Saved entries

* * * * * * * * *

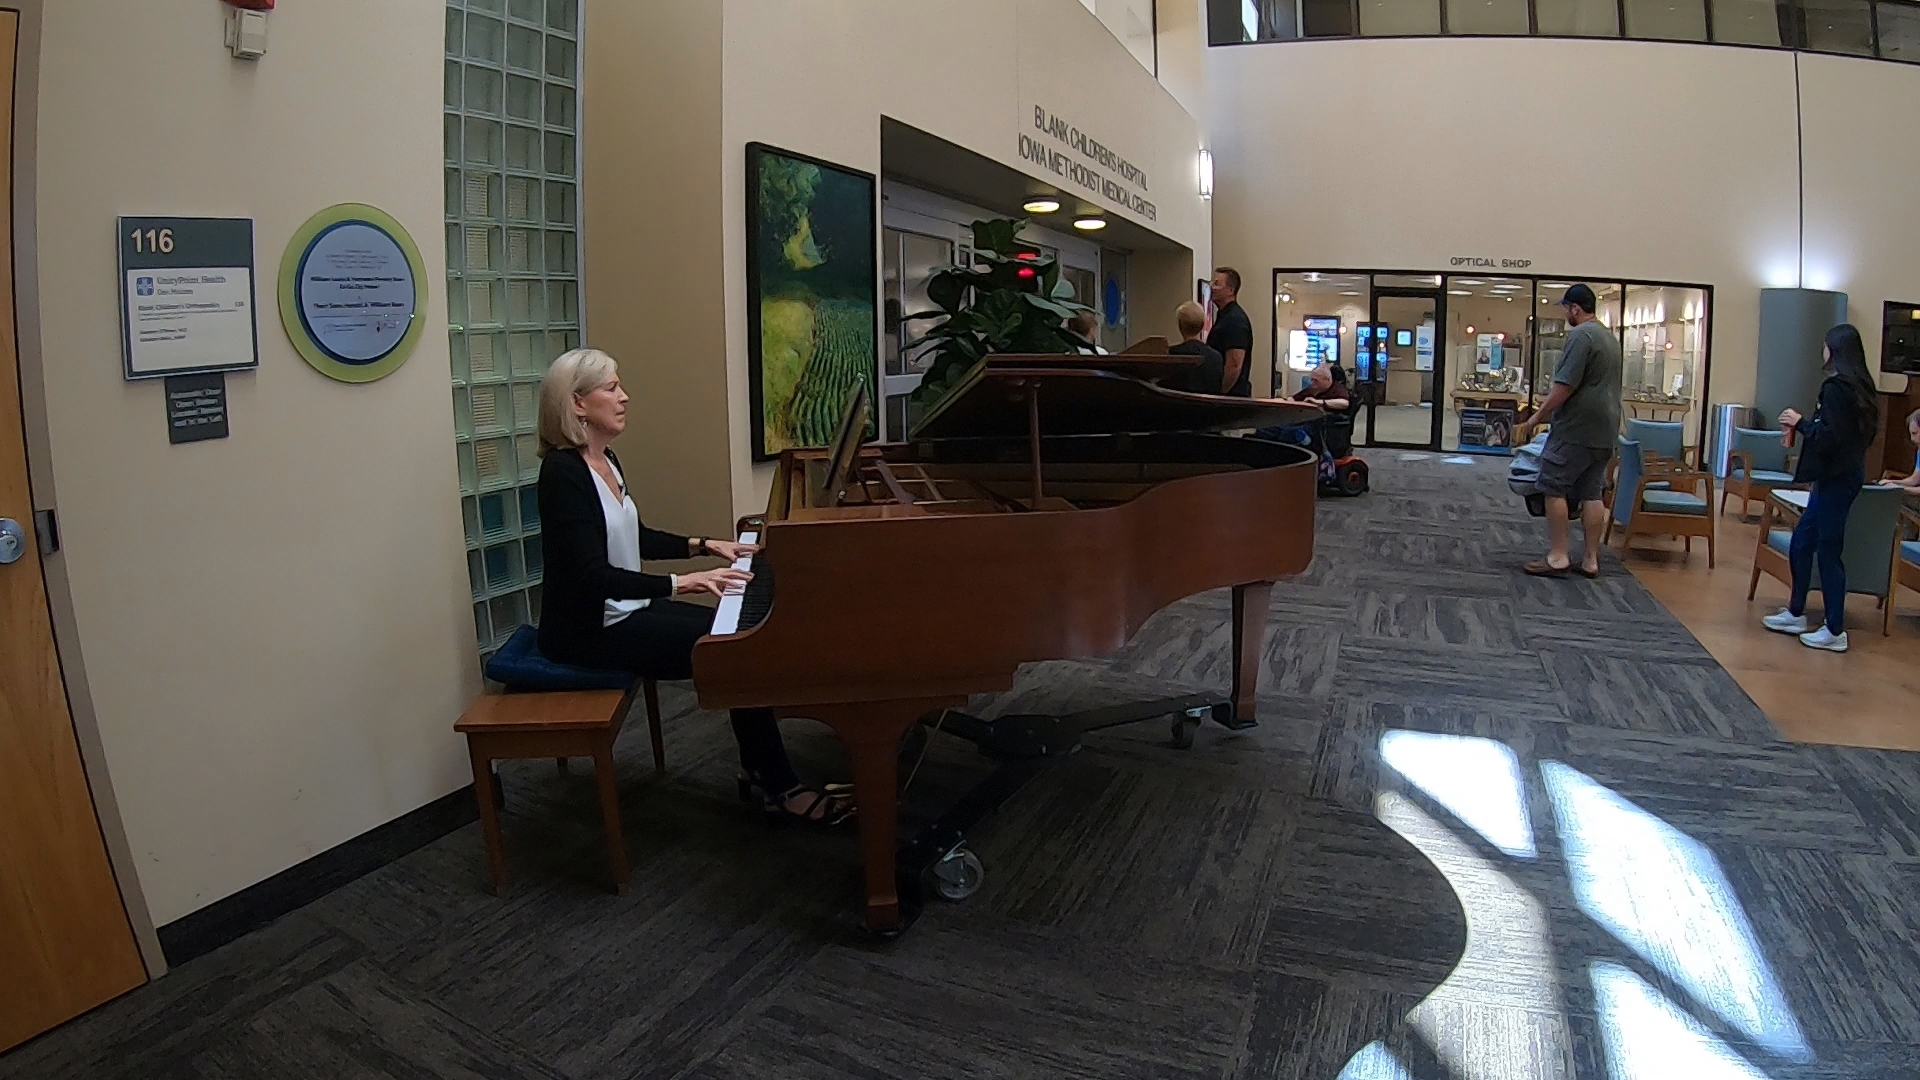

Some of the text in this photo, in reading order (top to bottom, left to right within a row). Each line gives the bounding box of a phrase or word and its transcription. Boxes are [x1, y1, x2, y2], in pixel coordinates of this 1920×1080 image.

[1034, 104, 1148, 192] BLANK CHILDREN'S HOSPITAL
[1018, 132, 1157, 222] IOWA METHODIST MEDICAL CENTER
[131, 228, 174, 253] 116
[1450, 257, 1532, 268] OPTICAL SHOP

* * * * * * * * *

**PROBLEM:** Could you print all of the entries above exactly as written, minus the pictures?

**RESULT FOR THIS EXERCISE:**
Some of the text in this photo, in reading order (top to bottom, left to right within a row). Each line gives the bounding box of a phrase or word and its transcription. Boxes are [x1, y1, x2, y2], in pixel coordinates of this 1920×1080 image.

[1034, 104, 1148, 192] BLANK CHILDREN'S HOSPITAL
[1018, 132, 1157, 222] IOWA METHODIST MEDICAL CENTER
[131, 228, 174, 253] 116
[1450, 257, 1532, 268] OPTICAL SHOP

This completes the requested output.